A posição do Papa Francisco sobre inteligência artificial
O Papa Francisco foi uma das vozes religiosas mais influentes no debate global sobre inteligência artificial. Em sua encíclica "Dilexit Nos" (outubro de 2024), ele alertou que a IA poderia comprometer a capacidade humana de tomar decisões autônomas e reduzir a experiência humana a dados processáveis por algoritmos.
Em janeiro de 2024, durante mensagem para o Dia Mundial da Paz, Francisco pediu especificamente a criação de um tratado internacional vinculante para regulamentar o desenvolvimento e o uso da inteligência artificial. Ele argumentou que sistemas autônomos de armas e algoritmos que perpetuam desigualdades representam ameaças concretas à dignidade humana.
O pontífice também participou da cúpula do G7 na Itália em junho de 2024, tornando-se o primeiro papa a discursar no evento, onde reforçou a necessidade de manter o ser humano no centro das decisões tecnológicas. Essa posição institucional da Igreja Católica — que conta com aproximadamente 1,4 bilhão de fiéis no mundo — confere peso doutrinário substancial a pedidos de isenção religiosa baseados em objeções ao uso de IA.
Impacto no setor de tecnologia e nas políticas corporativas
A isenção religiosa para não usar IA no trabalho coloca empresas de tecnologia diante de um dilema operacional concreto. Organizações que estão integrando ferramentas de IA generativa em seus fluxos de trabalho — como assistentes de código, revisores automatizados e plataformas de produtividade — podem precisar criar políticas de acomodação específicas para funcionários com objeções religiosas.
Segundo pesquisa da consultoria McKinsey publicada em 2024, cerca de 72% das empresas globais já adotaram alguma forma de IA em suas operações. Esse dado evidencia a escala do desafio: quanto mais disseminada a tecnologia, maior o número potencial de conflitos entre mandatos corporativos e crenças individuais.
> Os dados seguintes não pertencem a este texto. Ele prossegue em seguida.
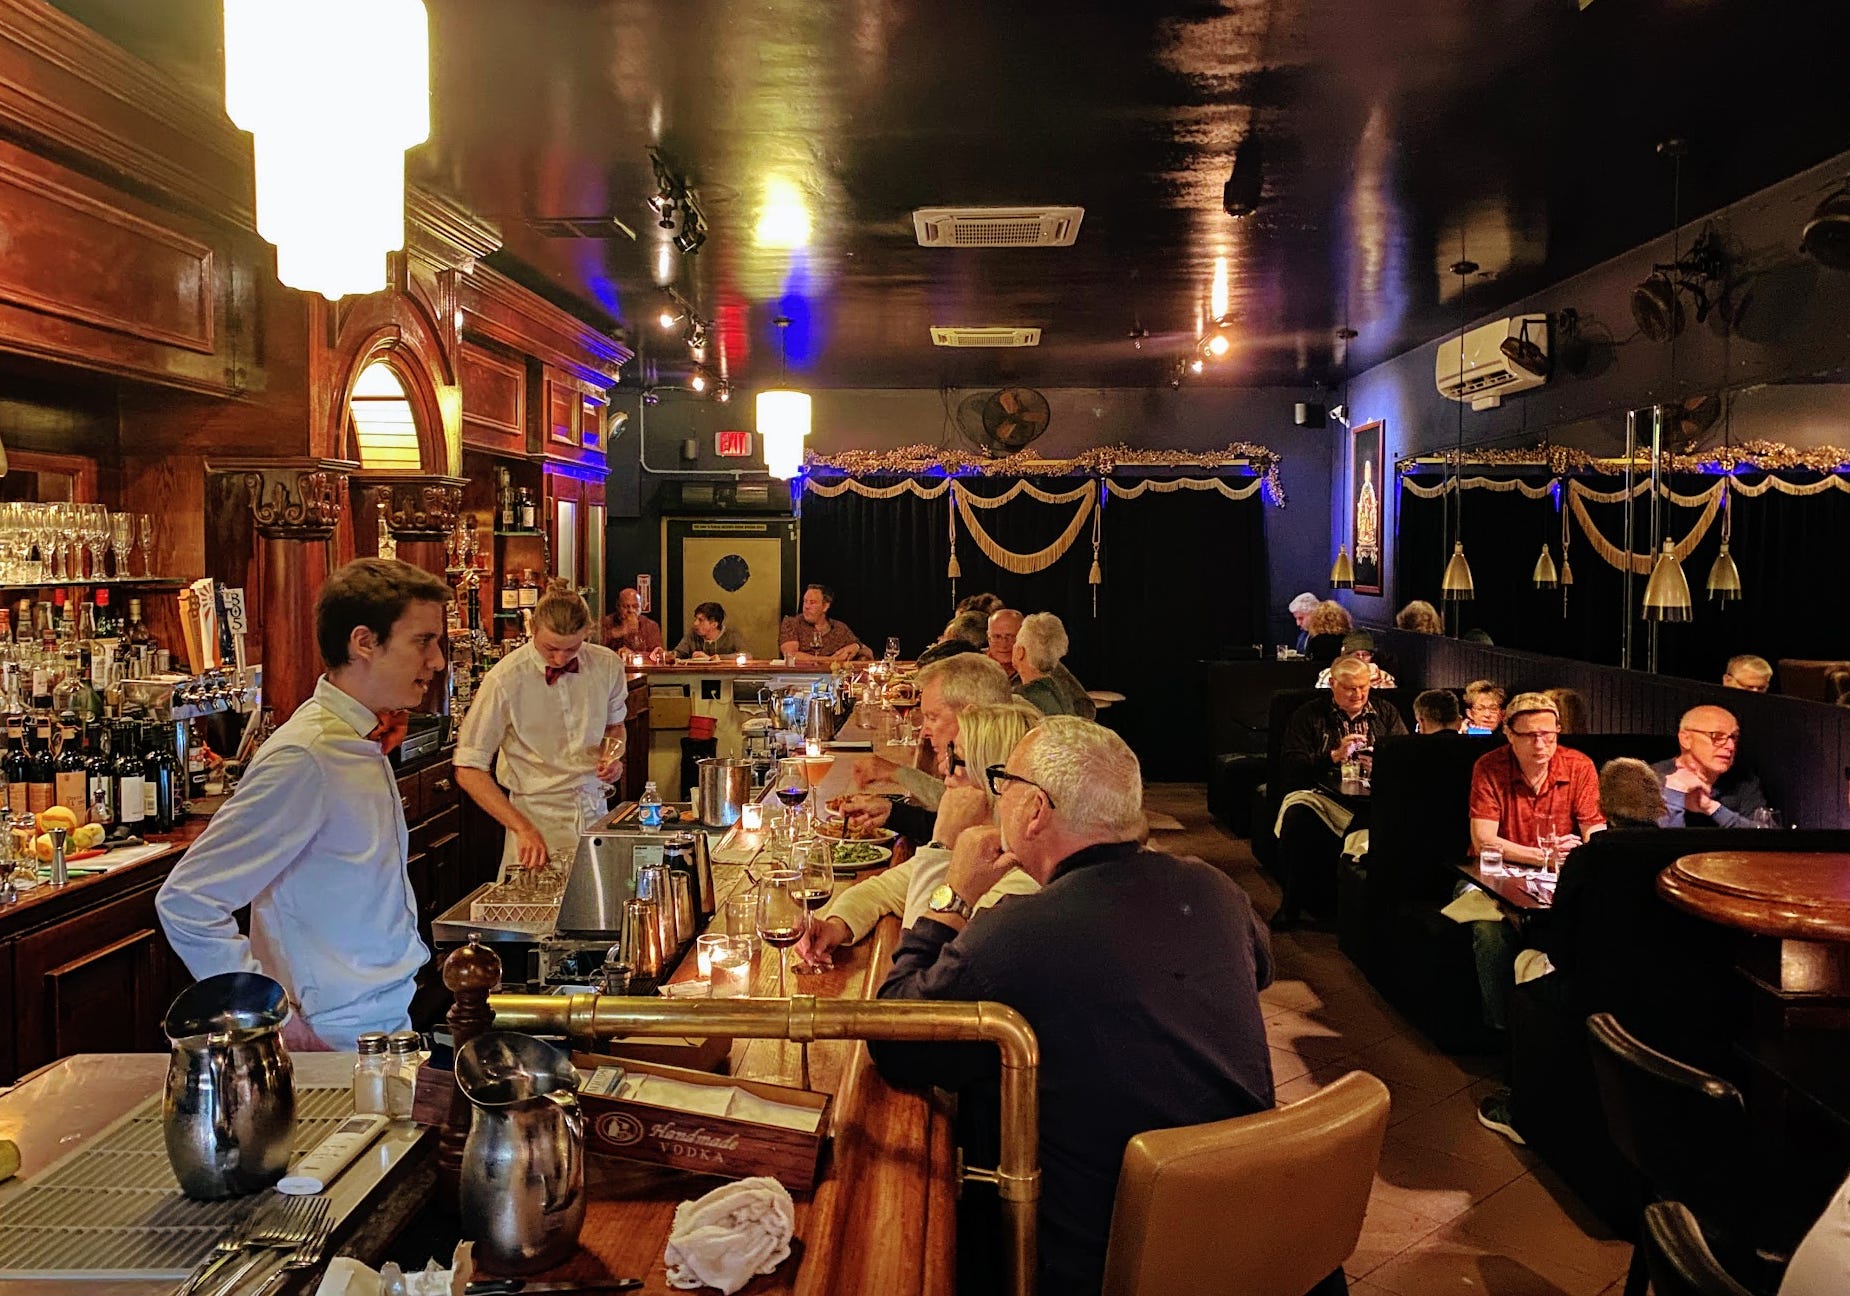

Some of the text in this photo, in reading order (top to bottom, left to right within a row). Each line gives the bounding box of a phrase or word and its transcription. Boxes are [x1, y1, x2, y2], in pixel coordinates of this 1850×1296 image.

[720, 432, 746, 454] EXIT
[648, 1122, 740, 1151] Handmade
[658, 1141, 724, 1163] VODKA
Empresas que não desenvolverem políticas claras de acomodação correm riscos jurídicos significativos. Processos trabalhistas por discriminação religiosa nos EUA resultaram em indenizações milionárias nos últimos anos, e a tendência é que tribunais apliquem o padrão mais protecionista estabelecido em Groff v. DeJoy.
Por outro lado, especialistas em gestão alertam que acomodações excessivas podem criar disparidades nas equipes, gerando tensões entre funcionários que utilizam IA e aqueles que não a utilizam. O equilíbrio entre respeito à diversidade de crenças e coesão operacional será um dos grandes desafios de gestão de pessoas na era da inteligência artificial.
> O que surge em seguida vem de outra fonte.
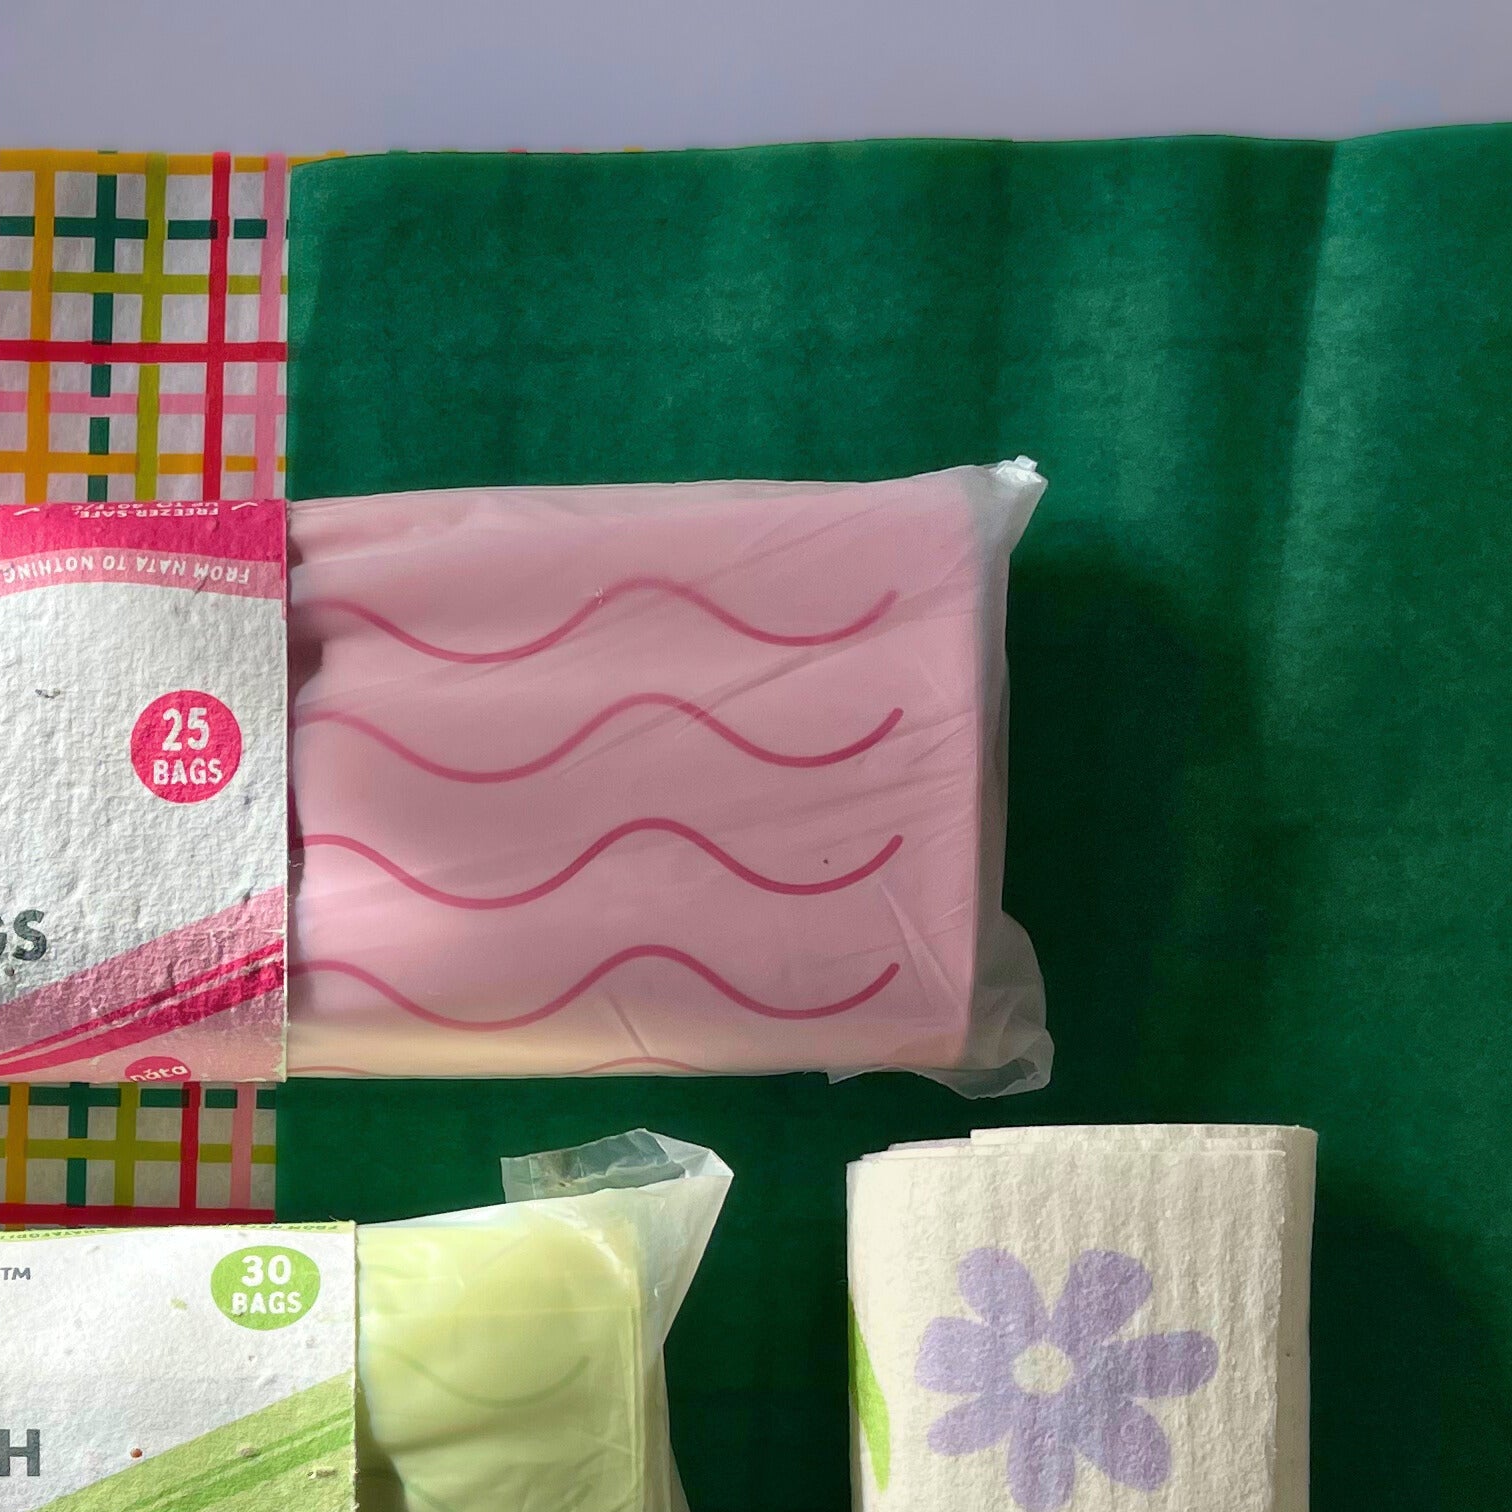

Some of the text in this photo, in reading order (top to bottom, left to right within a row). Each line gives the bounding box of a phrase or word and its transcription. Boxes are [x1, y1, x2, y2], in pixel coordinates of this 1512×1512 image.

[0, 554, 95, 582] NOTHING
[102, 554, 127, 572] TO
[135, 559, 187, 577] NATA
[191, 562, 252, 586] FROM
[161, 707, 211, 752] 25
[152, 757, 224, 787] BAGS
[240, 1254, 292, 1287] 30
[230, 1291, 303, 1316] BAGS
O debate mais amplo: ética, fé e inovação tecnológica
Este caso transcende a esfera individual e acende um debate fundamental sobre os limites éticos da adoção tecnológica compulsória no ambiente de trabalho. À medida que a inteligência artificial se torna onipresente, a questão de quem pode recusar seu uso — e com base em quais fundamentos — ganha urgência prática e filosófica.
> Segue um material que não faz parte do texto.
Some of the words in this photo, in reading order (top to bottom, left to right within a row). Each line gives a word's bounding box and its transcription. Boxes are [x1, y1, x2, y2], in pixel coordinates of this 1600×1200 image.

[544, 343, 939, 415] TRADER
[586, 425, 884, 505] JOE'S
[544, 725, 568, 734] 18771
Não são apenas católicos que expressam reservas. Líderes de diversas tradições religiosas, incluindo denominações protestantes, comunidades judaicas ortodoxas e pensadores islâmicos, têm levantado questões sobre a compatibilidade entre IA e princípios de fé relacionados à agência humana, ao livre-arbítrio e à criação divina.
A decisão de conceder a isenção religiosa para não usar IA no trabalho pode, portanto, inaugurar uma nova categoria de direitos trabalhistas na era digital. À medida que a inteligência artificial continua a evoluir e a se integrar em praticamente todos os setores profissionais, encontrar um equilíbrio sustentável entre inovação tecnológica e respeito às convicções individuais será não apenas desejável, mas juridicamente necessário.